First, the U.S. Food and Drug Administration warned us that "Pompeian Imported Extra Light Olive Oil" claimed unsubstantiated health benefits.
It was one of many products the FDA outed for health benefit hyperbole (a category we now will classify under the greed label as HBH).
Now, the University of California, Davis, has taken a deeper look at "extra virgin" olive oil. Researchers reported this week that not only did Pompeian Imported Extra Light fall short in its claims but also 69 percent of the "extra virgin" olive oils they tested did not meet U.S. Department of Agriculture or international standards.
Extra virgin olive oil ranks highest in quality, the researchers noted. It is manufactured without chemicals, is lowest in acidity and offers the best flavor and odor.
Apparently, not all olive oils labeled "extra virgin" qualify to have that title. (Just what we need, another oil problem.)
This comes as olive oil has been touted for its health benefits, including an ability to lower risk of heart disease by reducing the total cholesterol and low-density lipoprotein ("bad") cholesterol in your blood, Mayo Clinic nutritionist Katherine Zeratsky said.
The UC Davis researchers found that the samples failed extra virgin standards because of: "oxidation" due to exposure to elevated temperatures, light and or aging; "adulteration" with cheaper refined oil; and "poor quality" oil made from damaged and overripe olives, processing flaws and/or improper storage.

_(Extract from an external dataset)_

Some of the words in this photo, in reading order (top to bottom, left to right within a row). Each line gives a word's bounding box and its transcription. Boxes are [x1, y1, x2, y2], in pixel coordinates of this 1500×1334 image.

(Instead of lowering our heart risk, it looks as though someone wants to increase it).
Shauna Johnson, head nutritionist at Wellspring Camps, a therapeutic weight loss program, cautioned that olive oil still contains fat, which can make losing pounds difficult. "You can cook without it. I'm going to say use olive oil spray … and eat whole grains fruits and vegetables."

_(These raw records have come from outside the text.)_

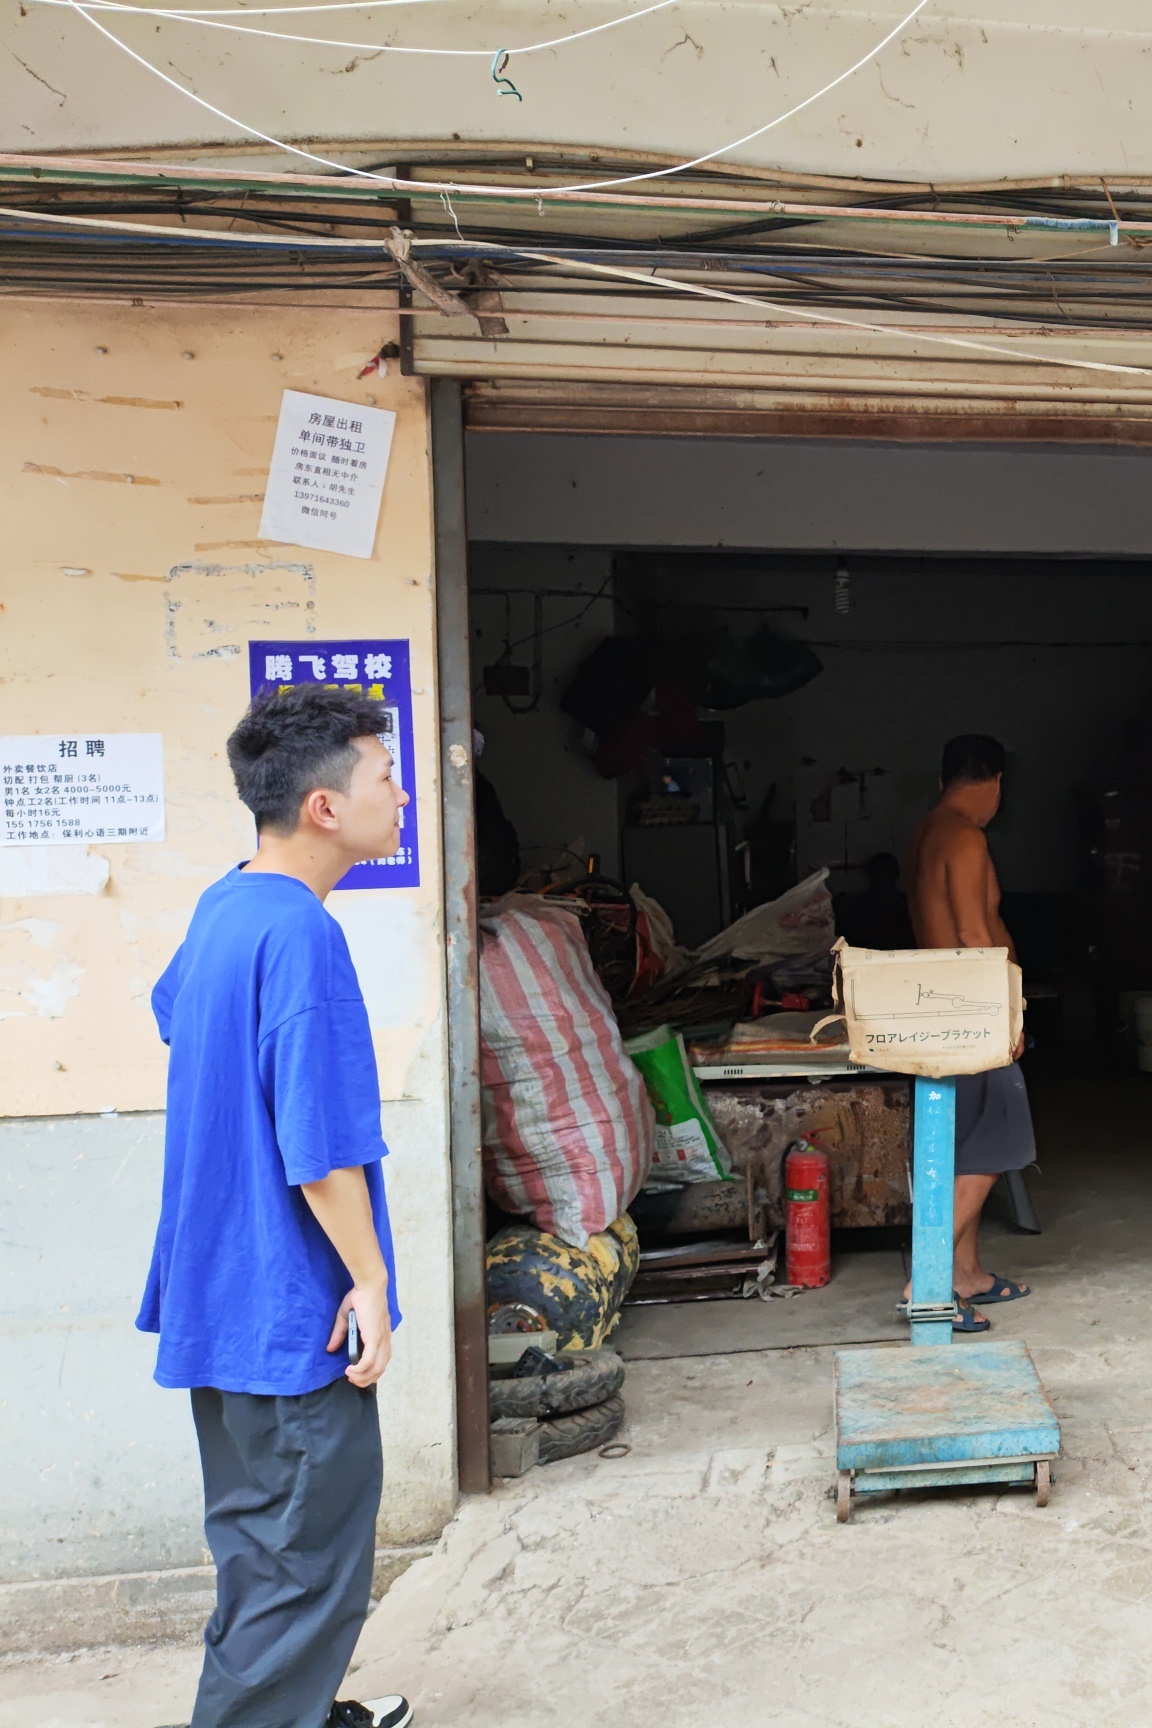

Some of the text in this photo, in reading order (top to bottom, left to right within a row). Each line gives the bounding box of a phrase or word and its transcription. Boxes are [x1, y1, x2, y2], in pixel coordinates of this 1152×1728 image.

[308, 412, 362, 434] 房屋出租
[298, 429, 366, 454] 单间带独卫
[291, 446, 367, 470] 价格面议 随时看房
[295, 462, 358, 482] 房东直租无中介
[294, 490, 350, 508] 13971643360
[301, 505, 337, 520] 微信同号
[265, 653, 392, 681] 腾飞驾校
[58, 739, 106, 758] 招聘
[3, 764, 57, 774] 外卖餐饮店
[3, 775, 25, 785] 切配
[28, 775, 49, 785] 打包
[53, 774, 74, 784] 帮厨
[4, 787, 30, 796] 男1名
[34, 785, 60, 795] 女2名
[5, 807, 61, 818] 每小时16元
[865, 1027, 991, 1045] フロアレイジーブラケット

The reports and thoughts about olive oil are a good wakeup call, in particular as we look at what this popular staple costs.
When we consider the price of extra virgin olive oil can run anywhere from $5.49 for a Publix's 17 ounce brand to as much as $14.79 for Colavita's 17 ounce brand at the grocer, it's a bit disconcerting to learn that some of these so-called extra virgin olive oils aren't virgin at all.
The report prompted immediate responses from the olive oil manufacturers.
"We welcome the opportunity to help fund and support any research that exposes defective or adulterated oils wherever they exist — even in our own backyard," said Albert Katz of Katz Olive Oil in California.
For consumers, there are ways to ensure the quality of the olive oil. So here's the Edge, courtesy of Linda Sikorski, head buyer at Market Hall Foods:
• Check the label. Does it say extra virgin olive oil? Is there a harvest or milling date in addition to the "best used" date? Is the harvest date within 12 months? Extra virgin oil is best used within 18 months. Make sure the oil is purchased well in advance of the best used date.
• Check the bottle. Is the bottle dark to cut down on light exposure? Is it on the top shelf and exposed to direct light? Light dramatically shortens shelf life, so look for signs it's been on the shelf too long, such as dust on the bottle.
• Store extra virgin olive oil away from light, air and heat. Use it up once it is open.